We progress our week-long Charlie Hurley extravaganza by picking up exactly where we left off yesterday. Chapter four of Mark Metcalf's book "Charlie Hurley: The Greatest Centre Half The World Has Ever Seen" continues today to explain the enviroment the young Irishman would find when he arrived in Sunderland following his move from Millwall.

Information on Mark's range of books can be found HERE and can be bought at the usual places such as Amazon, for example.

Another reminder that stocks are quite limited, so if you fancy one for yourself or for someone's Christmas box we'd recommend grabbing them while you can.

Over to you once again, Mark...

Hurley could not know it but the journey north was to be the start of the most amazing period of his life. Sunderland remained a shipbuilding port, although the signs of decline were already there and in order to compete against foreign competition SP Austin had merged with William Pickersgill in 1954 to become Austin and Pickersgill, and in 1958 the company was to take on Ken Douglas as managing director. He immediately carried out a large-scale modernisation scheme at the Southwick yard, turning it over to welding construction, as opposed to riveting. Ships were built in one hundred and twenty days rather than fifty or sixty weeks.

Coal, too, continued to provide a rich source of fuel for the British economy, with thousands of miners from Durham and Northumberland drawing the black rock from the ground, often from seams under the North Sea. The nearby Wearmouth Colliery, over which the Stadium of Light now stands, had just celebrated one hundred and fifty years since the first pit shaft had been sunk to find coal beneath magnesium limestone previously thought to be impregnable.

Coal, however, had been transported down the River Wear for a good many years before the colliery had even been thought of. In fact in the rolls of Whitby Abbey for 1396, William Rede of Sunderland is mentioned with others as “bringing coal in ships to that monastery, at the rate of 3 shillings and 4d per chaldron.” [17p] [Fordyce; History of Durham Vol 2 p508]

If Hurley had the time to take a trip round Sunderland before signing he could not have failed to pick up that this was a place where hard work, skill, honesty and loyalty were important and valued qualities among a largely working class community.

He would have been able to visit the monastery of Wearmouth, one of the oldest in Britain having been dedicated to St Peter by Benedict Biscop [‘Bede’] in AD 674. This stood on the banks of the River Wear looking down on busy shipyards that are long gone, having been replaced by a university drawing students from all over the world.

Religious as some of the inhabitants of Sunderland and the surrounding County Durham towns and villages were, the passion generated in the churches and chapels never reached anything like that witnessed in Roker Park, the stadium built in 1898 and later developed into one of the most imposing grounds in Britain.

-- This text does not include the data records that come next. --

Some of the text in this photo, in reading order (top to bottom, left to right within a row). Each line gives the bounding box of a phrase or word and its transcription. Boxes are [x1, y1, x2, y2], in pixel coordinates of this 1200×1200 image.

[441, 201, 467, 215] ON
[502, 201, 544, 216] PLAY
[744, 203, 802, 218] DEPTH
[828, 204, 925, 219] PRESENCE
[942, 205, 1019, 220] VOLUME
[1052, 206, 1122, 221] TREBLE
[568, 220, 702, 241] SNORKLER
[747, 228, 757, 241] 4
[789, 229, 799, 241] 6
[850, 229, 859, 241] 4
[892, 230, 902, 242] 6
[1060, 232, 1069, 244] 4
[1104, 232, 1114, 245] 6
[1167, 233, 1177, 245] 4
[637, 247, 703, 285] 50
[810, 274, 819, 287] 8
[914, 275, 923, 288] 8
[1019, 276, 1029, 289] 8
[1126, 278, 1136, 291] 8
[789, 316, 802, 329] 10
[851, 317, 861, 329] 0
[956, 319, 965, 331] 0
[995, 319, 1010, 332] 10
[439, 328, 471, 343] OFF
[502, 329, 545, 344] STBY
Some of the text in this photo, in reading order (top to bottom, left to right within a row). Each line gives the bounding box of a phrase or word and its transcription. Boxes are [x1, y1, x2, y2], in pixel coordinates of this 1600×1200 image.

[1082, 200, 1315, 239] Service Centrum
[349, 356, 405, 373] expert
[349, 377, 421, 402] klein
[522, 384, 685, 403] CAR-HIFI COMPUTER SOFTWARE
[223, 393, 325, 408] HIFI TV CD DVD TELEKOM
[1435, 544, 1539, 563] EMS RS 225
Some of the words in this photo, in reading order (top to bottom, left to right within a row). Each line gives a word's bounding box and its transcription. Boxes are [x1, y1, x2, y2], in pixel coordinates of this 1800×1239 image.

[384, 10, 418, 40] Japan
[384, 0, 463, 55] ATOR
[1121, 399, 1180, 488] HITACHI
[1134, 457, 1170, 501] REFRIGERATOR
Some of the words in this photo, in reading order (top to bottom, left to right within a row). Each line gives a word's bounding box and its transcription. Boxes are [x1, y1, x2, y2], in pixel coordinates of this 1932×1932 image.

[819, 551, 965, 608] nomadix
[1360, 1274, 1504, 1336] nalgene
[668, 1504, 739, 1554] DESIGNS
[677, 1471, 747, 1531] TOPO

Sunderland AFC was founded in 1879. James Allan, a Scotsman who arrived on Wearside from Glasgow University to work at Hendon Board School, had become a member of Sunderland Rovers Rugby club, but the game did not excite him anything like as much as the game being played in his own country whereby with the exception of one player on each team, a goalkeeper, the rest of the players were expected to largely rely on their skill in controlling and kicking the round ball with their feet.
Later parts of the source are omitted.